Por una de esas frecuentes casualidades del mundo editorial -sospechosamente frecuentes-, hubo dos traducciones más de Tristram Shandy en aquellos años setenta del pasado siglo, cuando, como he dicho, nunca se había podido leer en español desde su aparición por entregas entre 1760 y 1767. No soy quién para juzgar esas versiones; o sí, pero mi juicio parecería interesado y parcial. No me importó, en todo caso, porque mi experiencia y mi aprendizaje eran intransferibles. Vi desde dentro, literalmente desde su interior, cómo se hacía la novela “más libre” de todos los tiempos, según palabras de Nietzsche. Asistí a su creación y me encargué de su recreación. Vi cómo se podía suspender el tiempo una y otra vez, cómo se podían aplazar o diferir los acontecimientos, la historia, sin perder por ello interés; cómo era factible incorporar al lector al texto e interpelarlo, crearle la ilusión de intervenir cuando en realidad se lo estaba llevando de la nariz en mayor medida que en cualquier novela tradicional; cómo cabía ser grave y bromista al mismo tiempo, declaradamente imitador y profundamente original; cómo el ritmo de la prosa lo es casi todo a la hora de envolver y arrastrar al lector, la mayor lección junto con esta otra: hay que ser osado, pero no por serlo gratuitamente y para llamar la atención, sino porque siempre es uno quien manda en lo que escribe.

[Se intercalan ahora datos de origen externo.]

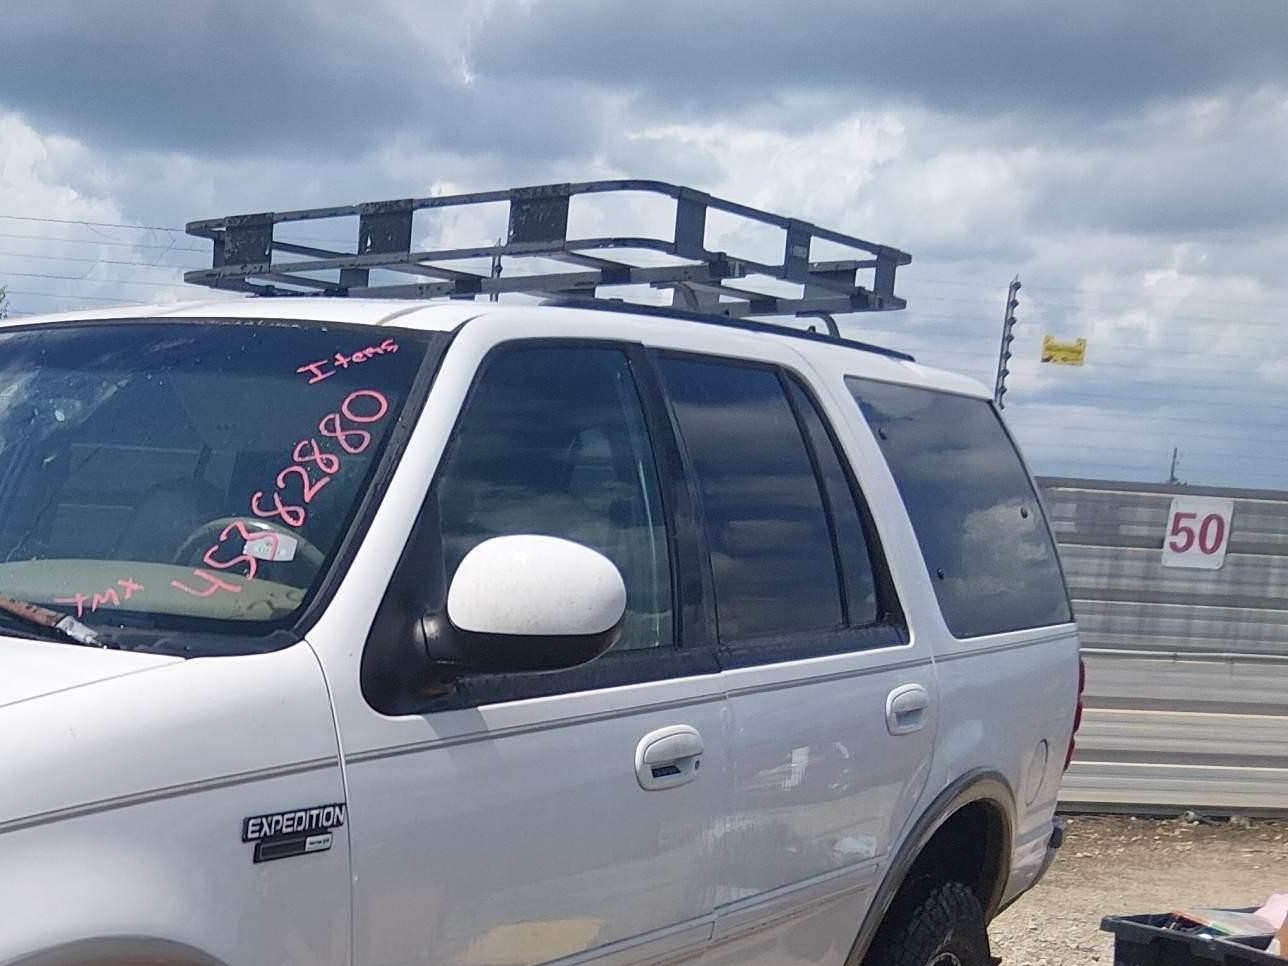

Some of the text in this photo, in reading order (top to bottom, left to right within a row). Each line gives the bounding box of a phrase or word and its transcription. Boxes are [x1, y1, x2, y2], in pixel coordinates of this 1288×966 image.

[171, 389, 388, 597] 45382880
[1169, 511, 1225, 556] 50
[247, 804, 346, 838] EXPEDITION

Hay que andarse con cuidado, sin embargo, en la frecuentación de Tristram Shandy, porque ese libro hace al instante viejas cuantas obras se presentan hoy como voluntariosamente innovadoras o “rompedoras”. Demasiadas las envía al desván, nada más nacer.

Se reedita ahora aquella traducción mía abocada al fracaso, que finalmente salió en 1978, cuando acababa de cumplir veintisiete años. Al revisarla para corregir las erratas y omisiones que se colaron entonces y han persistido hasta hoy, se me aparece como una de esas tareas que uno no entiende cómo pudo llevar a cabo, del mismo o parecido modo que uno no entiende cómo, de niño, salvaba de un salto un enorme tramo de escaleras de mármol en el edificio de su colegio. Sin darse un batacazo y romperse la crisma, quiero decir. Pero también siento, de pronto, lo que el propio Sterne acertó a describir mejor que muchos: “No voy a discutir sobre esta cuestión: el Tiempo se desvanece con demasiada rapidez: cada letra que escribo me habla de la velocidad con que la vida sigue a mi pluma; sus días y sus horas […] vuelan por encima de nuestras cabezas como nubes ligeras de un día ventoso, para nunca más volver; todo se precipita: mientras tú te rizas ese mechón, ¡mira!, se hace gris; y cada vez que te beso la mano para decirte adiós, y cada ausencia que sigue, son preludios de esa separación eterna que pronto habremos de padecer”. Ya me doy por contento con que, al cabo de treinta y tres años, cuando tantas nubes ligeras han volado por encima de nuestras cabezas, este texto que reescribí de joven aún encuentre lectores y no esté caduco, aún se pueda leer.